Table 2 Univariate analysis for LOS
Table 3 Multivariate analyses of risk factors associated with LOS
Table 4 Effect size of type of anesthesia on LOS in each group

Discussion

We retrospectively uncovered high-risk factors for prolonged LOS and evaluated the relationship between the anesthetic method and LOS in patients after primary unilateral TKA between January 2013 and June 2014. Age ≥ 65 years, DM, CCF, ASA status (III), general anesthesia were significant and independent risks for prolonged LOS in patients after TKA. Moreover, regional anesthesia was associated with a shorter hospital LOS compared to general anesthesia in patients after primary unilateral TKA. Patients in the regional anesthesia group had a 0.78 days shorter LOS than those in the general anesthesia group. Moreover, subgroup and interaction analyses revealed that the relationship between regional anesthesia and a shorter hospital LOS is modified by age and BMI. A stronger relationship between anesthetic type and LOS was detected in elderly patients (age ≥ 65 years) and those whose BMI was ≤ 25 kg/m2 or ≥ 30 kg/m2.
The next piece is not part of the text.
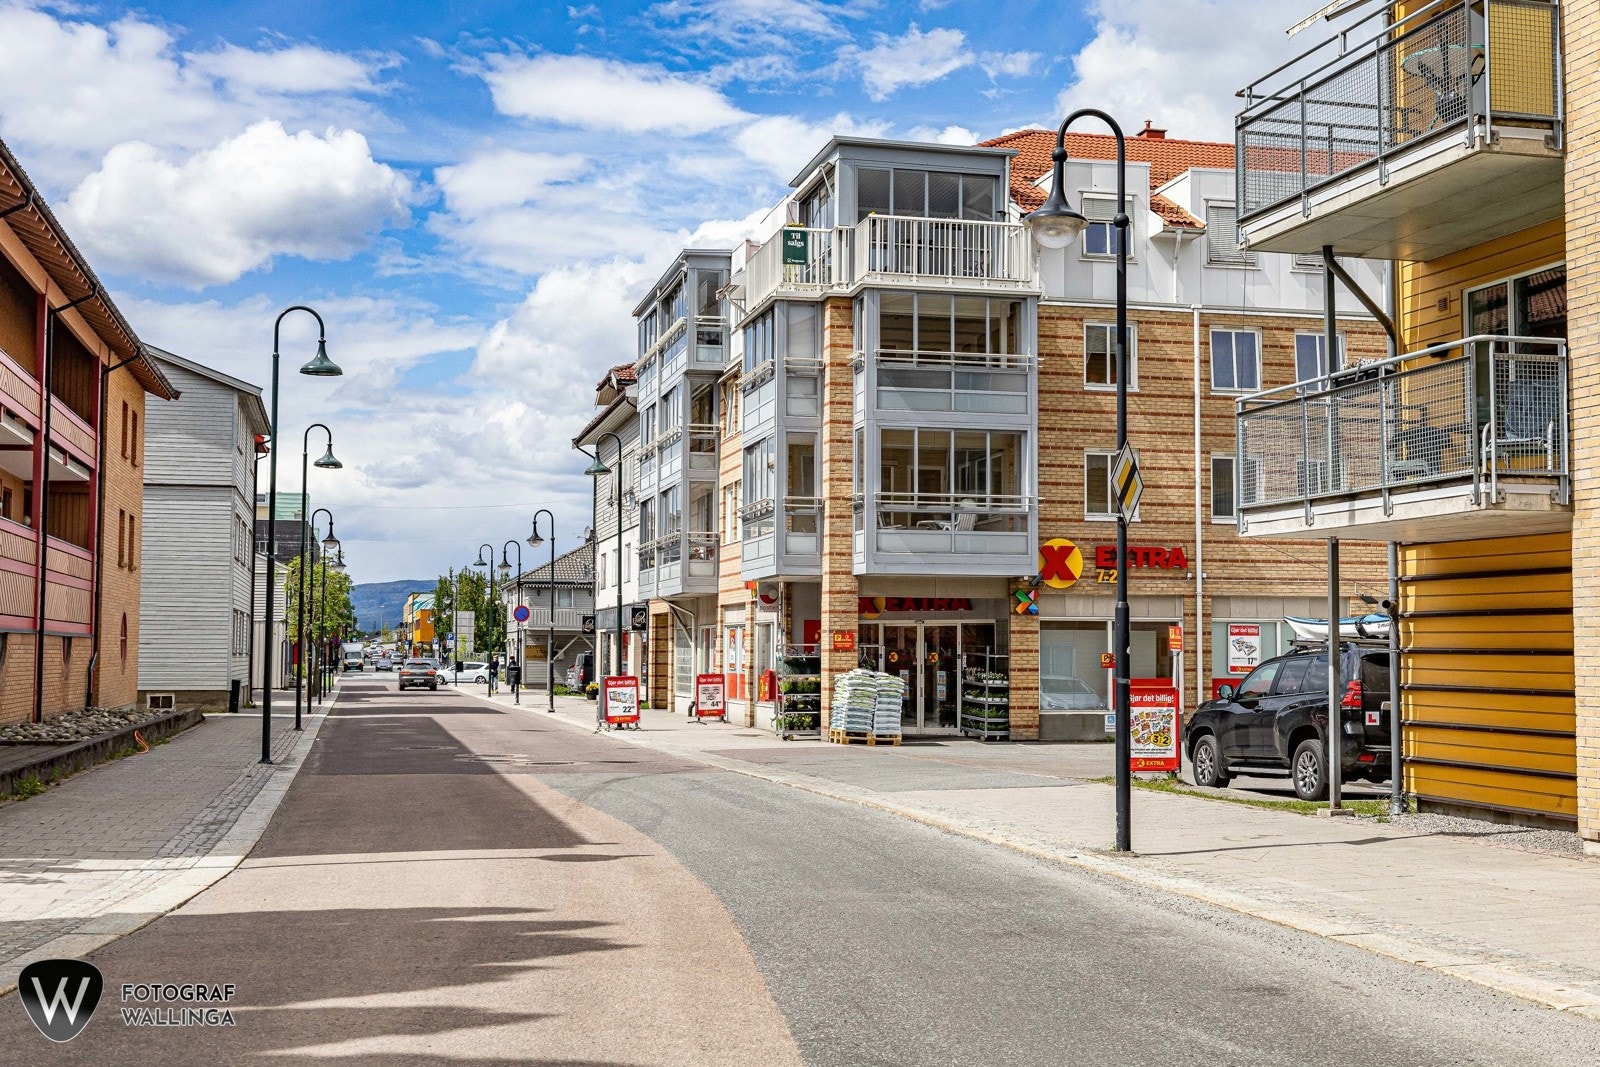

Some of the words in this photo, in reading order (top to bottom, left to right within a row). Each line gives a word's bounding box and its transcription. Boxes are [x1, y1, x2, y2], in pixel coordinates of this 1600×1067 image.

Consistent with our research findings, Gulraj S et al. performed a retrospective analysis of prospectively collected observational data from the National Joint Registry (NJR) and found that LOS (β = − 0.47 days; 95% CI, − 0.49 to − 0.45; P < 0.001) was reduced with regional anesthesia compared to general anesthesia in patients undergoing TKA [24]. To our knowledge, so far, this study has the largest sample size (n = 426,104). In contrast with our study, given that BMI is frequently missing in the NJR, multivariable logistic regression analysis was performed for all patient and surgical factors excluding BMI. Besides, significant confounders were overlooked in covariates, including perioperative blood transfusion, and preoperative Hb level.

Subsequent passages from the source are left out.